Having the exact and unbiased value of each company is an important step in M&A. this can be done through value assessment to ascertain the market worthiness of the other company. Additionally, it is important to have credible estimates of terminal value which are based on sound accounting standards so that the management is able to have a clear and verified forecast which will encompass the period beyond the actual forecast period. This is especially important where one company is facing financial or operational constraints which might be vivid to the management of the company merging with or acquiring the other. It is also advisable for management of the two companies to have a complete analysis of the market share and market valuation of the two companies which thereafter forms the basis on which premium will be based. This will avoid arbitrary allocation of stock prices or the prices of each share thereby affecting the profitability of the final company. Complete analysis is especially important where approaches to cost, market, and income of each company. Moreover, issues of multiple pricing must be outlined during the valuation exercise through industry wide consolidation and involvement of experts in the general process. This will ensure that the valuation pricing of stocks and shares in the company being acquired is realistic and in tandem with the existing conditions in the industry.
Long term growth rates
It is important to consider the long term growth rates that the resultant company is aiming to achieve. Such consideration will include the prevailing economic situations, the legal and administrative solutions, the level of interest rates as well as the non-economic factors such as social, technological, and political situations prevailing at the time of merging.
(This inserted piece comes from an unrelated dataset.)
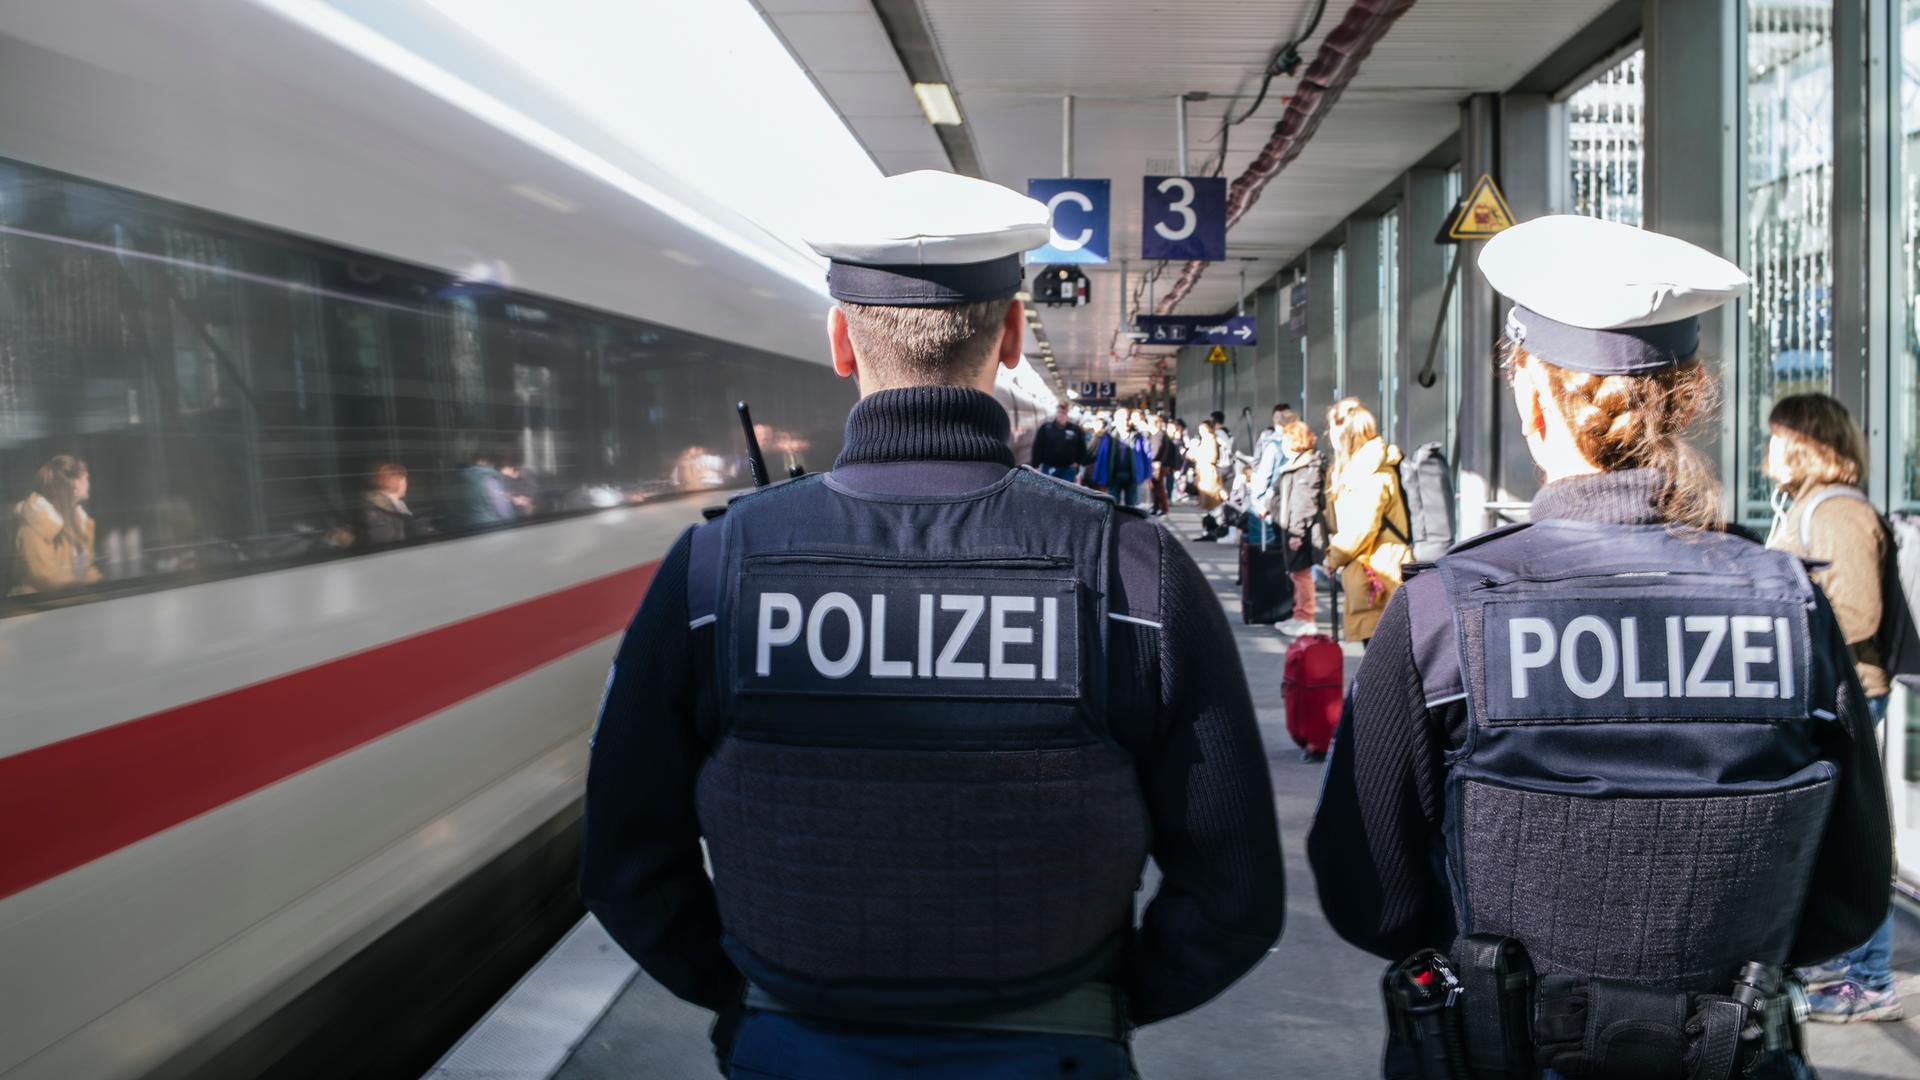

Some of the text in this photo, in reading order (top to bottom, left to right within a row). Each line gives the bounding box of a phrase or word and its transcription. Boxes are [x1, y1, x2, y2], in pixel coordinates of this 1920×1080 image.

All these factors will impact on the long term growth rate of the company. The management of the two companies must therefore give credit to the prevailing internal and external conditions which are likely to exaggerate the real financial situation of each company and therefore lead to unrealistic financial statements on the two companies. Similarly, it is important to evaluate the role of due diligence in the systematic process of evaluating and understanding the financial standing of each company.
Perception of value
The value that the company will get from the M&A process is important. This includes among other benefits the synchronization of management skills, synergizing skills and knowledge, enhancement of due diligence which is important in unraveling the issues involving the operational, technical, and financial aspects. Analysis of due diligence in executing M&A can help in identifying risks which would otherwise be overlooked including more sensitive issues such as unpaid taxes, fines, risks associated with the management structure of the company, and the general state of the company’s assets and human resource.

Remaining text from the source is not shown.